Now, all I did was to remove one half of the tomato trellis which was obscuring the path and a straight bed parallel to the 'dismantlable' moat-parapet. The tomato plants had dried. So it was time to remove them. I also observed that only one half of the trellis and a netting above it were sufficient for 3-4 tomato plants. I shifted one half of the trellis - which actually is in the shape of a gate [iron] near the Gerbera plant.
Support frame that held the tomato plant - seen on left, one half retained. See the other slightly to the right.
View from the other side. See the straightened bed and the other frame.
Shade net can be seen.
Last week, I also erected a shade net to protect the small yarden from the sun this summer which is expected to be quite warm due to a huge shortfall in the last monsoon.
A garden friend from Dave's Garden, Dee [who lives in a Dome-shaped Home] has sent me some 9-10 varieties of seeds which I plan to try-grow this coming June when rains should start after summer.

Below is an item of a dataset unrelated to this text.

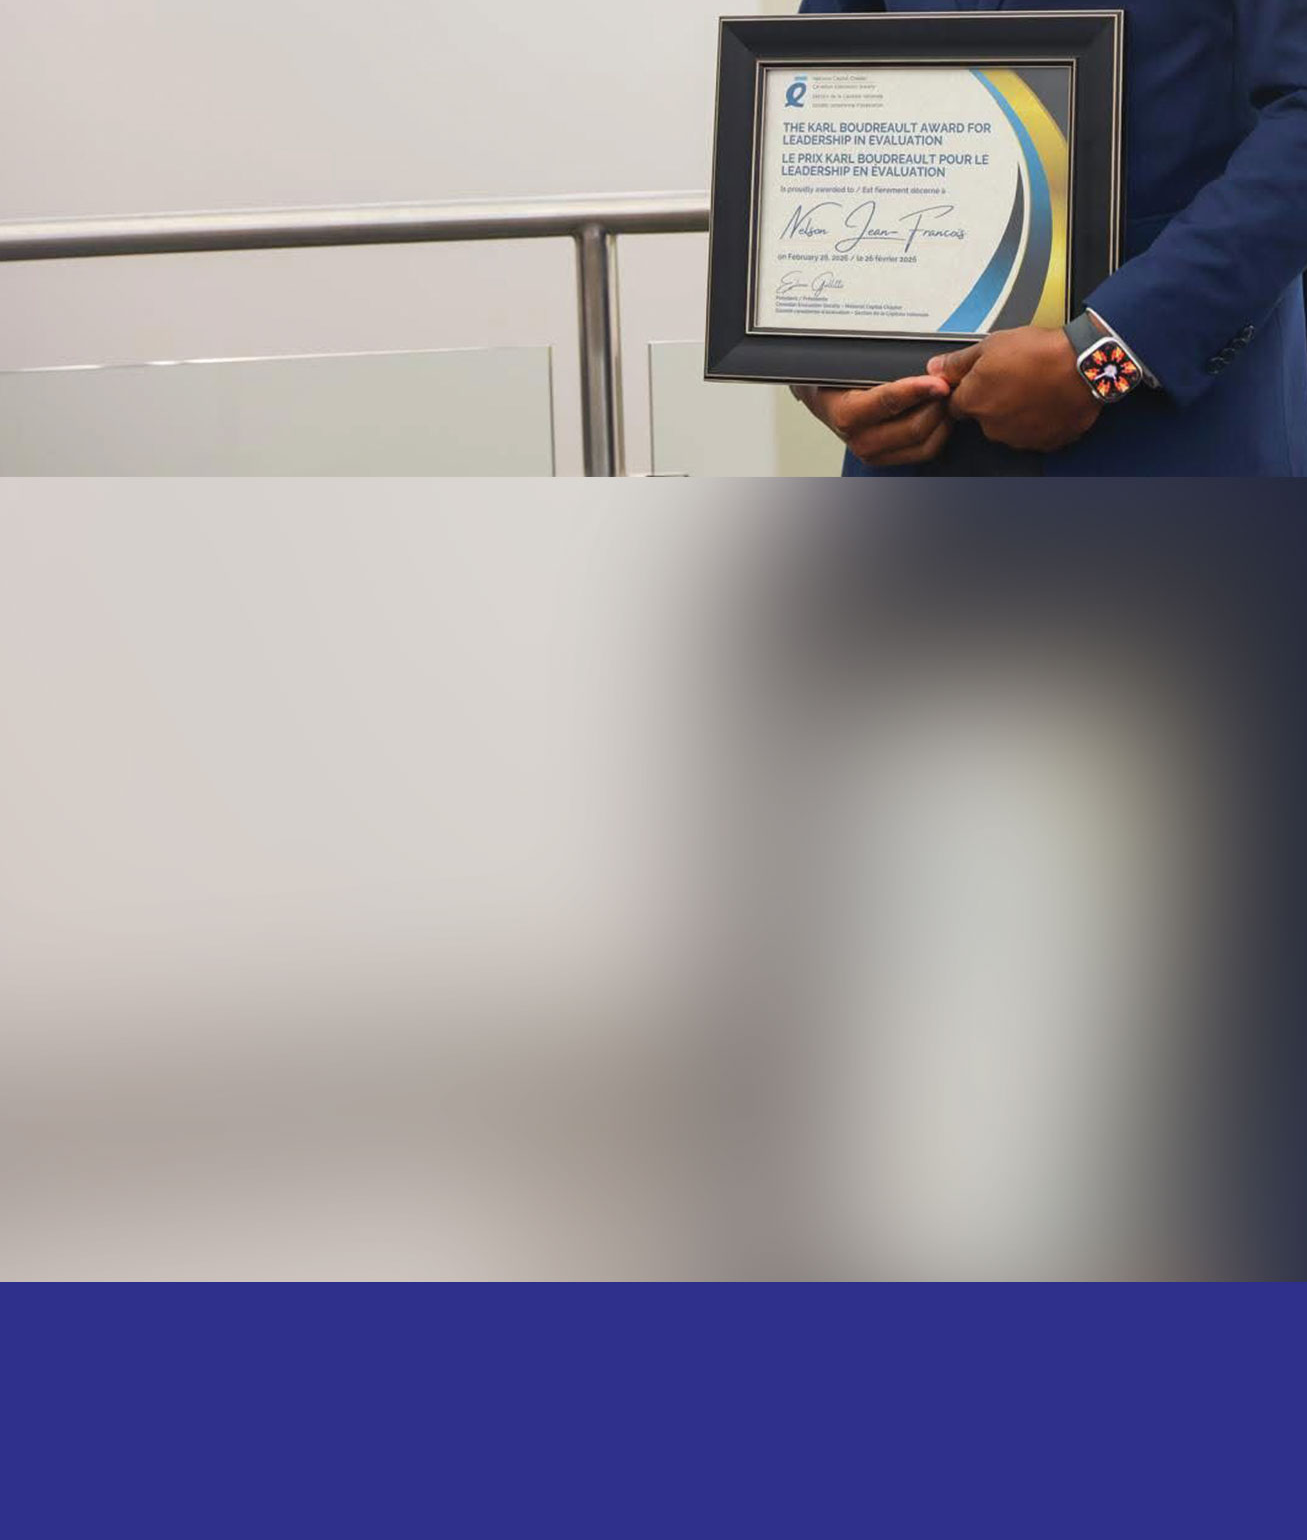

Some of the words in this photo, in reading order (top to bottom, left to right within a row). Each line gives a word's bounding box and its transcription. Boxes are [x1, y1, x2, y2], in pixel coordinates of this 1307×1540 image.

It was a lot of work today as I had also prepared the bed by sieving out the new bed. The soil had plenty of cement grits which had got mixed up when the earth was used for concrete roof centering for the house which was built more than a year ago. I salvaged the good earth and also raised the entire garden area, using stone curbs that are not visible.
All those were done at a time when the other half of our house which is now owned by someone is being dismantled.